EXERCISE DIRECTIONS
Print every line exactly as it appears in the material below.

DATA RECORDS
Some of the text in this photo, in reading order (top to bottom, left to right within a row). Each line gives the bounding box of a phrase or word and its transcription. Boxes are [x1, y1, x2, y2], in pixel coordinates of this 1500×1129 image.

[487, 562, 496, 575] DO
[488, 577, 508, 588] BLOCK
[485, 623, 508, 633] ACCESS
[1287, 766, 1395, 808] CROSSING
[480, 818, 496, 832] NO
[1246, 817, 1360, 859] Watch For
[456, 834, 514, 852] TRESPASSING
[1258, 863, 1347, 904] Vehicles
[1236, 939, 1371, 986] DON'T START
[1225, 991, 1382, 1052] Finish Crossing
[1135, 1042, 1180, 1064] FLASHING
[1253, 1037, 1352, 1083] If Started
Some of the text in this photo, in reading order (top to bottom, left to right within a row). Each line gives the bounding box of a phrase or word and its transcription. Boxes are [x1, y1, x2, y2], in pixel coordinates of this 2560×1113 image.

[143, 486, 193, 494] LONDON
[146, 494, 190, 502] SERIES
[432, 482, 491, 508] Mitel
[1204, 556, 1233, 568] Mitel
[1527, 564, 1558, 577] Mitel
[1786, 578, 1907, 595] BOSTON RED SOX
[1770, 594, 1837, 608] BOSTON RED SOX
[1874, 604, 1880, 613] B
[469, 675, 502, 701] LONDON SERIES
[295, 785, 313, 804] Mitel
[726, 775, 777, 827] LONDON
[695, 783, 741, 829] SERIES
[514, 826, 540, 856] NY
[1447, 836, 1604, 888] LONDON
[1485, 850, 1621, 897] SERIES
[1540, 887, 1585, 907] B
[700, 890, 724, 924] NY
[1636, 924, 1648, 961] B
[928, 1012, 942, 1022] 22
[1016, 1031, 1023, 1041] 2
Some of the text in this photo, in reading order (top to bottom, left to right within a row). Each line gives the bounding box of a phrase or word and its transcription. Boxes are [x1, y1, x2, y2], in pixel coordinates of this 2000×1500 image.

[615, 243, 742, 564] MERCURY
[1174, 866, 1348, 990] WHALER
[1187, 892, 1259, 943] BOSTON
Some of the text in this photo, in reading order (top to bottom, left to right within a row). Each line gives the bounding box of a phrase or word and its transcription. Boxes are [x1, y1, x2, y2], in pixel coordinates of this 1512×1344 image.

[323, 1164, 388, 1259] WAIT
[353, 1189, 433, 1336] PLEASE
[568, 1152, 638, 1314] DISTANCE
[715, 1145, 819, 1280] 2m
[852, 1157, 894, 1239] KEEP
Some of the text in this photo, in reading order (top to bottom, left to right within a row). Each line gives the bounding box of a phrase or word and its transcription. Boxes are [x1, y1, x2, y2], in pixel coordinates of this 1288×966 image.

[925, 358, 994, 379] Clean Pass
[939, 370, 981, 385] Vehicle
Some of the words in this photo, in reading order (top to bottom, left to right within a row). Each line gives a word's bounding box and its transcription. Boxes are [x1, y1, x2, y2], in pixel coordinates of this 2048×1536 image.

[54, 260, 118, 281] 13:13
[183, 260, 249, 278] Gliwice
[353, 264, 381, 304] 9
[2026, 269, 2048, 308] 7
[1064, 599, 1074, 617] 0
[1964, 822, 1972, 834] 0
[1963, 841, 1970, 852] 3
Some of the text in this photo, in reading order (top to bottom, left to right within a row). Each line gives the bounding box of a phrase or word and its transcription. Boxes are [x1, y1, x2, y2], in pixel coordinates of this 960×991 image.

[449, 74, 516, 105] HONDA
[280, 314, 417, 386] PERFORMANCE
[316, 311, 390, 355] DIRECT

OUTPUT OF THE EXERCISE
Some of the text in this photo, in reading order (top to bottom, left to right within a row). Each line gives the bounding box of a phrase or word and its transcription. Boxes are [x1, y1, x2, y2], in pixel coordinates of this 1500×1129 image.

[487, 562, 496, 575] DO
[488, 577, 508, 588] BLOCK
[485, 623, 508, 633] ACCESS
[1287, 766, 1395, 808] CROSSING
[480, 818, 496, 832] NO
[1246, 817, 1360, 859] Watch For
[456, 834, 514, 852] TRESPASSING
[1258, 863, 1347, 904] Vehicles
[1236, 939, 1371, 986] DON'T START
[1225, 991, 1382, 1052] Finish Crossing
[1135, 1042, 1180, 1064] FLASHING
[1253, 1037, 1352, 1083] If Started
Some of the text in this photo, in reading order (top to bottom, left to right within a row). Each line gives the bounding box of a phrase or word and its transcription. Boxes are [x1, y1, x2, y2], in pixel coordinates of this 2560×1113 image.

[143, 486, 193, 494] LONDON
[146, 494, 190, 502] SERIES
[432, 482, 491, 508] Mitel
[1204, 556, 1233, 568] Mitel
[1527, 564, 1558, 577] Mitel
[1786, 578, 1907, 595] BOSTON RED SOX
[1770, 594, 1837, 608] BOSTON RED SOX
[1874, 604, 1880, 613] B
[469, 675, 502, 701] LONDON SERIES
[295, 785, 313, 804] Mitel
[726, 775, 777, 827] LONDON
[695, 783, 741, 829] SERIES
[514, 826, 540, 856] NY
[1447, 836, 1604, 888] LONDON
[1485, 850, 1621, 897] SERIES
[1540, 887, 1585, 907] B
[700, 890, 724, 924] NY
[1636, 924, 1648, 961] B
[928, 1012, 942, 1022] 22
[1016, 1031, 1023, 1041] 2
Some of the text in this photo, in reading order (top to bottom, left to right within a row). Each line gives the bounding box of a phrase or word and its transcription. Boxes are [x1, y1, x2, y2], in pixel coordinates of this 2000×1500 image.

[615, 243, 742, 564] MERCURY
[1174, 866, 1348, 990] WHALER
[1187, 892, 1259, 943] BOSTON
Some of the text in this photo, in reading order (top to bottom, left to right within a row). Each line gives the bounding box of a phrase or word and its transcription. Boxes are [x1, y1, x2, y2], in pixel coordinates of this 1512×1344 image.

[323, 1164, 388, 1259] WAIT
[353, 1189, 433, 1336] PLEASE
[568, 1152, 638, 1314] DISTANCE
[715, 1145, 819, 1280] 2m
[852, 1157, 894, 1239] KEEP
Some of the text in this photo, in reading order (top to bottom, left to right within a row). Each line gives the bounding box of a phrase or word and its transcription. Boxes are [x1, y1, x2, y2], in pixel coordinates of this 1288×966 image.

[925, 358, 994, 379] Clean Pass
[939, 370, 981, 385] Vehicle
Some of the words in this photo, in reading order (top to bottom, left to right within a row). Each line gives a word's bounding box and its transcription. Boxes are [x1, y1, x2, y2], in pixel coordinates of this 2048×1536 image.

[54, 260, 118, 281] 13:13
[183, 260, 249, 278] Gliwice
[353, 264, 381, 304] 9
[2026, 269, 2048, 308] 7
[1064, 599, 1074, 617] 0
[1964, 822, 1972, 834] 0
[1963, 841, 1970, 852] 3
Some of the text in this photo, in reading order (top to bottom, left to right within a row). Each line gives the bounding box of a phrase or word and its transcription. Boxes are [x1, y1, x2, y2], in pixel coordinates of this 960×991 image.

[449, 74, 516, 105] HONDA
[280, 314, 417, 386] PERFORMANCE
[316, 311, 390, 355] DIRECT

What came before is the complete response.